Carbonfoil: Select ProFoil.F1: Fliegen ab sieben Knoten Carbonfoil: Select ProFoil.F1: Fliegen ab sieben Knoten Carbonfoil: Select ProFoil.F1: Fliegen ab sieben Knoten

Carbonfoil: Select ProFoil.F1: Fliegen ab sieben Knoten

  • Manuel Vogel
 • Publiziert vor 2 Jahren

Samuel Mocher ist bei Select verantwortlich für die Entwicklung des neuen ProFoil.F1. Worauf es bei der Entwicklung von Carbonfoils ankommt und was man vom ersten Select-Windfoil erwarten kann, verrät er im Interview.

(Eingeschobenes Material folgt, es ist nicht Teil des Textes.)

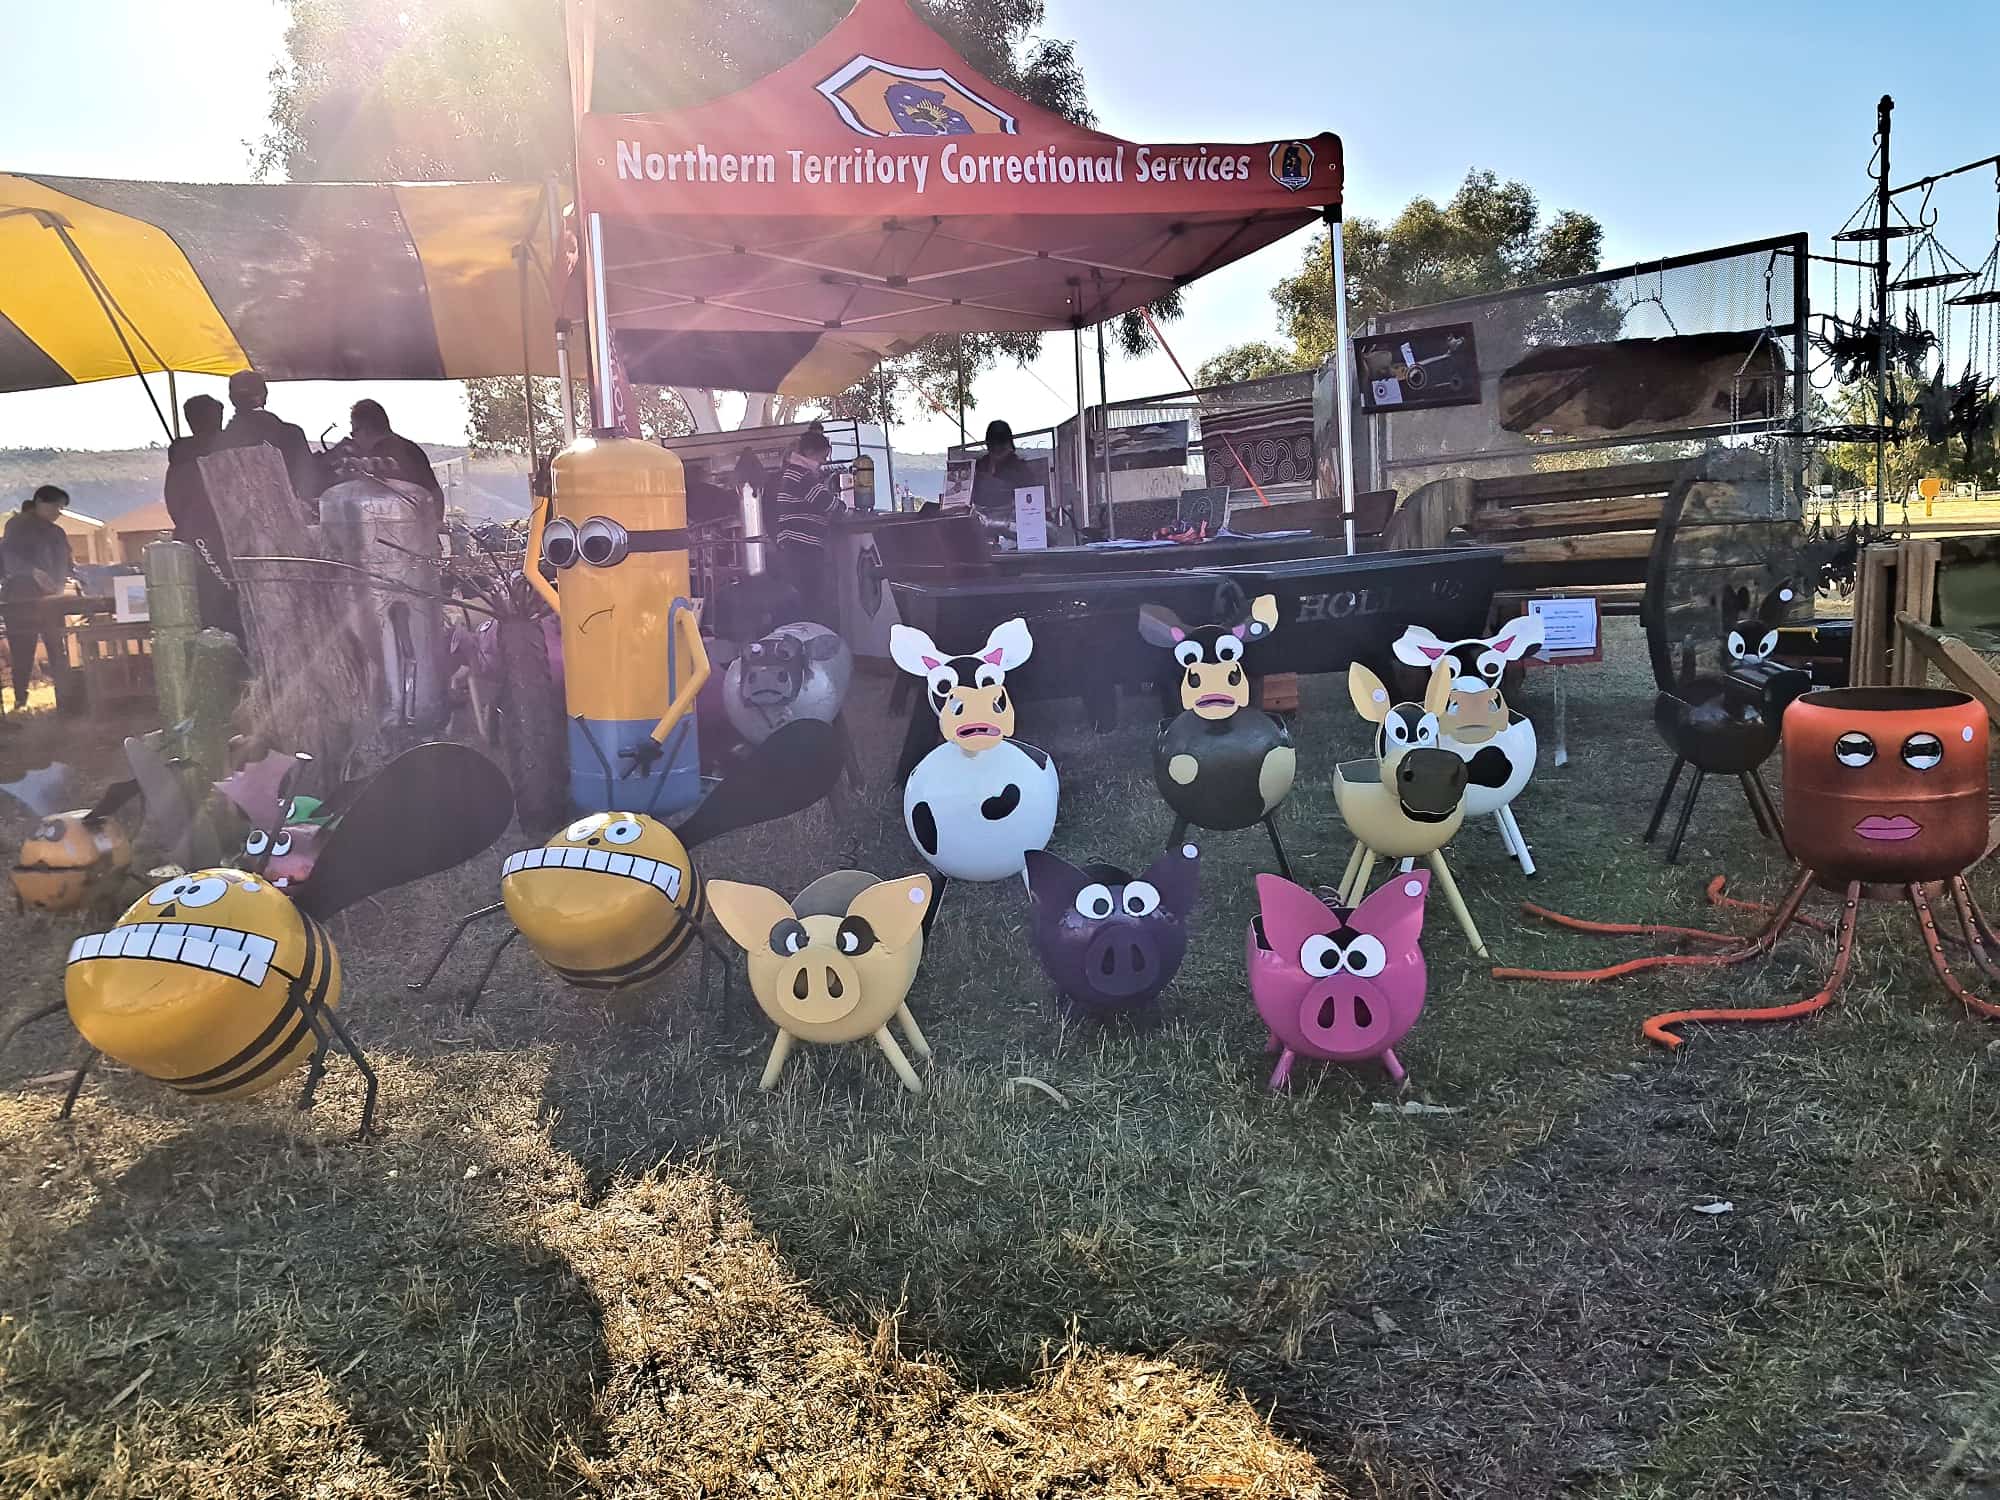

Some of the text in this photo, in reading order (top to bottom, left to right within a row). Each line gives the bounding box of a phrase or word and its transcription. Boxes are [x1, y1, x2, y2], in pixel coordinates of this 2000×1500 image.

Carbonfoil: Select ProFoil.F1

Monsieur Mocher, als erfahrener Finnenbauer hätte Select seinen Vorsprung nutzen und als einer der ersten Hersteller ein Foil auf den Markt bringen können. Jetzt hat es doch länger gedauert. Warum? Wir bei Select sind schon seit 2014 im Kitefoil-Bereich aktiv und haben mit dem SWORD2 die Messlatte gelegt. Wir sind aber nicht diejenigen, die Schnellschüsse machen. Unser Windfoil entwickeln wir seit 2015 und bis es jetzt endlich auf den Markt gekommen ist, haben wir zehn Prototypen gebaut und getestet, so lange bis unsere Erwartungen an die Fahrleistungen erfüllt waren.

Wie sahen diese Erwartungen konkret aus? Der Name ProFoil.F1 lässt ein Foil für Könner vermuten. Das Ziel war es, ein Foil zu entwickeln, mit dem man bei sieben Knoten fliegen kann – also so früh wie möglich und so einfach wie möglich.

Wie sieht Foil-Entwicklung konkret aus? Wie viele Leute sind involviert und was sind die Schwierigkeiten? Im ProFoil stecken etwa 3000 Arbeitsstunden. Von der ersten Skizze bis zum Design am Computer, über Simulationen bis zu den fertigen Komponenten wie Mast, Fuselage und Flügel haben sechs Leute mitgearbeitet, die alle einen Hintergrund wie Aeronautik, Schiffsbau, als Ingenieure und natürlich passionierte Wassersportler haben. Wir sind stolz darauf, dass alles direkt bei uns in Frankreich produziert wird. 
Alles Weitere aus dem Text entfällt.